Held at Madison Square Garden on September 24, 1988, the Rainforest Benefit Concert was organized by the Grateful Dead, and also featured Suzanne Vega and Bruce Hornsby and the Range. Other guests included Mick Taylor (Rolling Stones), Daryl Hall and John Oats and Jack Casady from Hot Tuna. The proceeds were donated to three environmental groups, Greenpeace, Cultural Survival and the Rainforest Action Network.

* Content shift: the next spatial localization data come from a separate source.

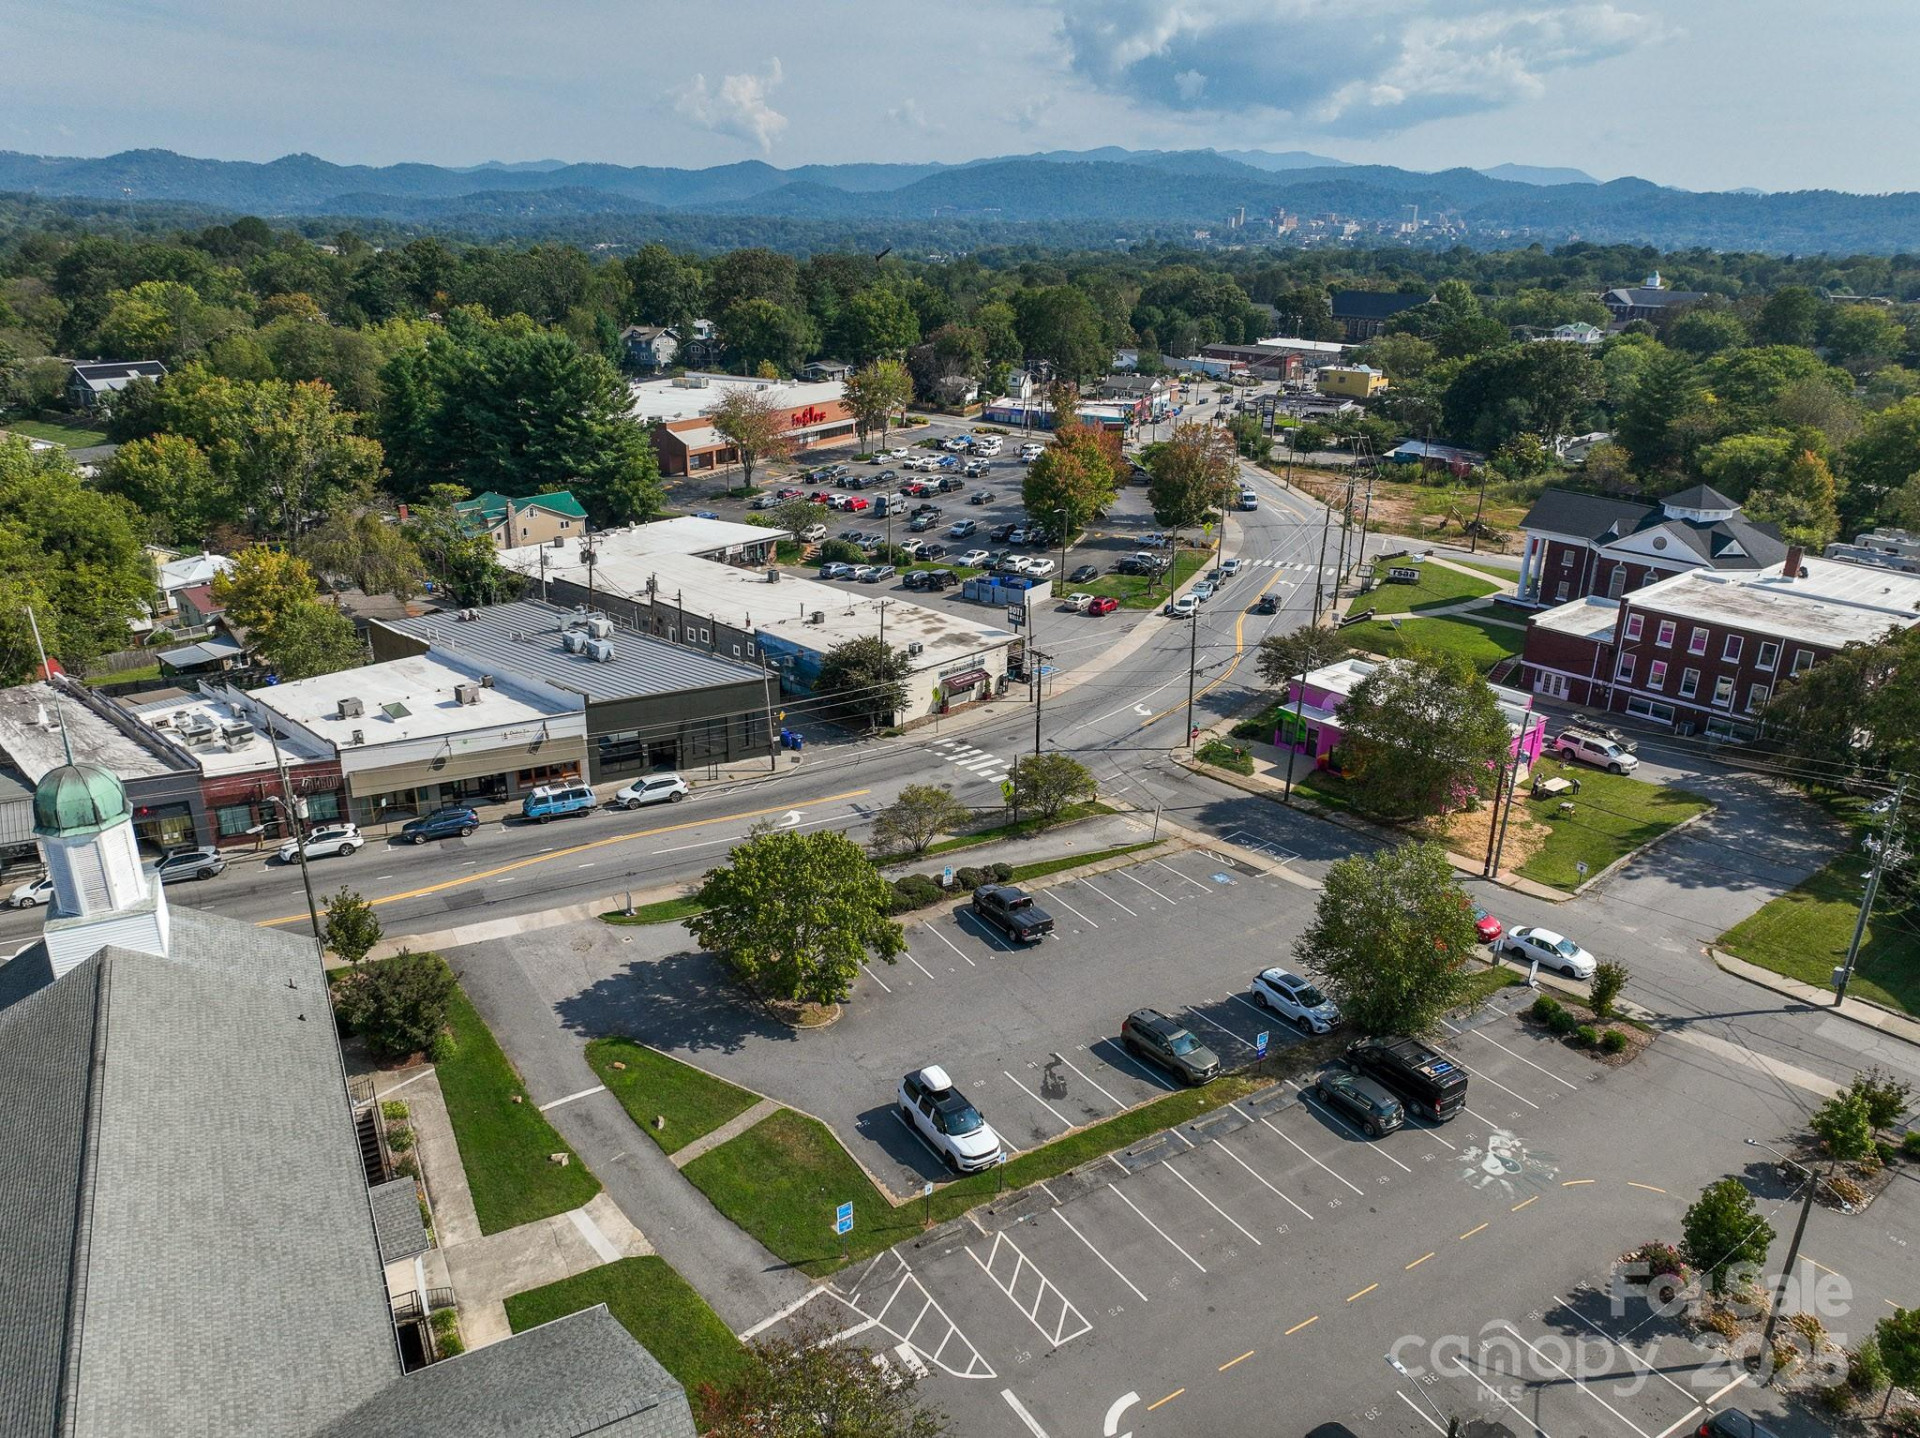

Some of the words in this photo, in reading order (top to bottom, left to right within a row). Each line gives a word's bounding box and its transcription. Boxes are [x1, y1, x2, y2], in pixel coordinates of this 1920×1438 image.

[1393, 569, 1416, 578] rsaa
[1008, 605, 1023, 617] BOTI
[1328, 1198, 1343, 1209] 28
[1276, 1223, 1291, 1234] 27
[1108, 1305, 1125, 1317] 24
[1014, 1351, 1031, 1365] 23
[1422, 1372, 1440, 1385] 38
[1364, 1406, 1383, 1421] 39

The event was unusual in that while the Grateful Dead played many benefits especially early in their career, they had always carefully avoided supporting political causes, or taking stands on issues. ''We've never called on our fans to align themselves with one cause or another, and we've always avoided making any political statements,'' the band's lead guitarist and vocalist, Jerry Garcia, said in the New York Times. ''But this is an issue that is life-threatening, and we hope that we can empower our own audience to act.''
Contemporary artist Robert Rauschenberg silk screened a skull and chains over his painting of an abstract forest for this poster commemorating the event. Rauschenberg, “was an American painter and graphic artist whose early works anticipated the pop art movement. Rauschenberg is well known for his ‘Combines’ of the 1950s, in which non-traditional materials and objects were employed in innovative combinations. Rauschenberg was both a painter and a sculptor and the Combines are a combination of both, but he also worked with photography, printmaking, papermaking, and performance.” – Wikipedia.
In the days leading up to the concert, Animal, the wild drummer from The Muppet Show, appeared in a Public Service Announcements from a tropical setting shouting "Save forest!" and "Deadhead!" over and over again. During one of the concert's set breaks, a video shown on projection screens featured Animal shouting while Kermit the Frog urged concertgoers to protect the rainforests.